The exchange period commences on the date the taxpayer transfers the Relinquished Property, and ends at midnight on the earlier of either the 180th day thereafter or the due date (including extension) for the taxpayer’s tax return for the taxable year in which the transfer of the Relinquished Property occurs, which is typically April 15. 

However, transfers of Relinquished Property which close on or after October 17 give an individual less than 180 days to close on their Replacement Property because an individual will have to file their tax return on April 15, unless an extension is requested. Similarly, a corporation, with a due date of March 15 for filing its tax return, will have less than 180 days if the closing date on its Relinquished Property is on or after September 15 unless an extension for filing its return is requested. So if you sold your Relinquished Property in late October, November or December, and you have not closed on your Replacement Property prior to the April 15 (or March 15 for most corporations) tax deadline, you will need to file an extension for filing your tax return to get the full 180 days to acquire the Replacement Property.

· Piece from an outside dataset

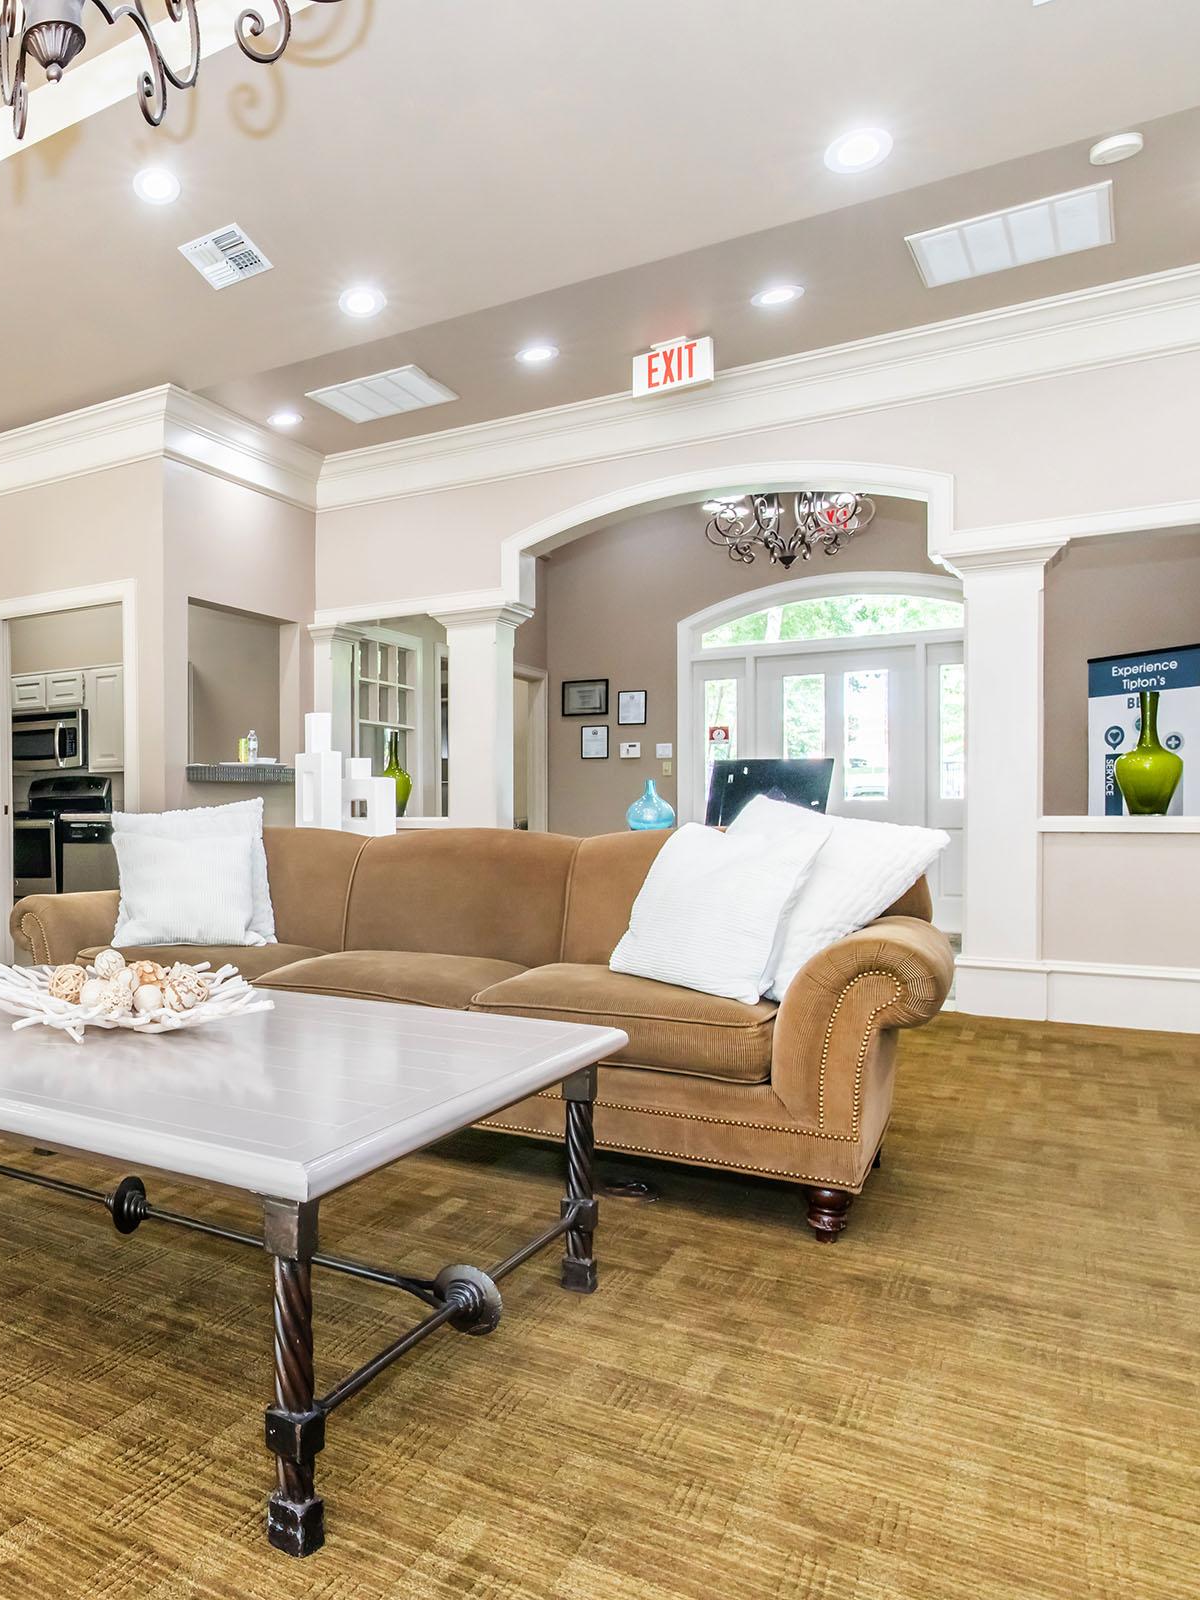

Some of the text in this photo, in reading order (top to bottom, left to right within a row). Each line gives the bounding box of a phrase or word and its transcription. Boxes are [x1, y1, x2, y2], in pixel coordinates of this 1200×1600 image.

A taxpayer must file Form 4868 (for individuals) on or before April 15 to obtain the automatic extension for filing. If this form is not filed properly and timely, the exchange period ends on April 15 and any Replacement Property acquired after April 15 will not qualify for the exchange. 

Additionally, on December 22, 2017, the President signed a revised and final version of what was initially the Tax Cuts and Jobs Act into law. As a result of this law, homeowners and other real estate owners will face various changes to their 2018 taxes. While the new tax law still allows for deferring of capital gains taxes under Internal Revenue Code Section 1031, it will no longer include the ability to exchange personal property such as art work, auto fleets, equipment, etc., but instead is now limited solely to real estate. 

Please note that the information provided in this article is for informational purposes only and does not constitute legal or tax advice nor does it create any attorney-client relationship.

Brendan Greene is a co-owner and attorney with Greater Boston Exchange Company, LLC (a subsidiary of McCue, Lee & Greene, LLP), Boston, Mass.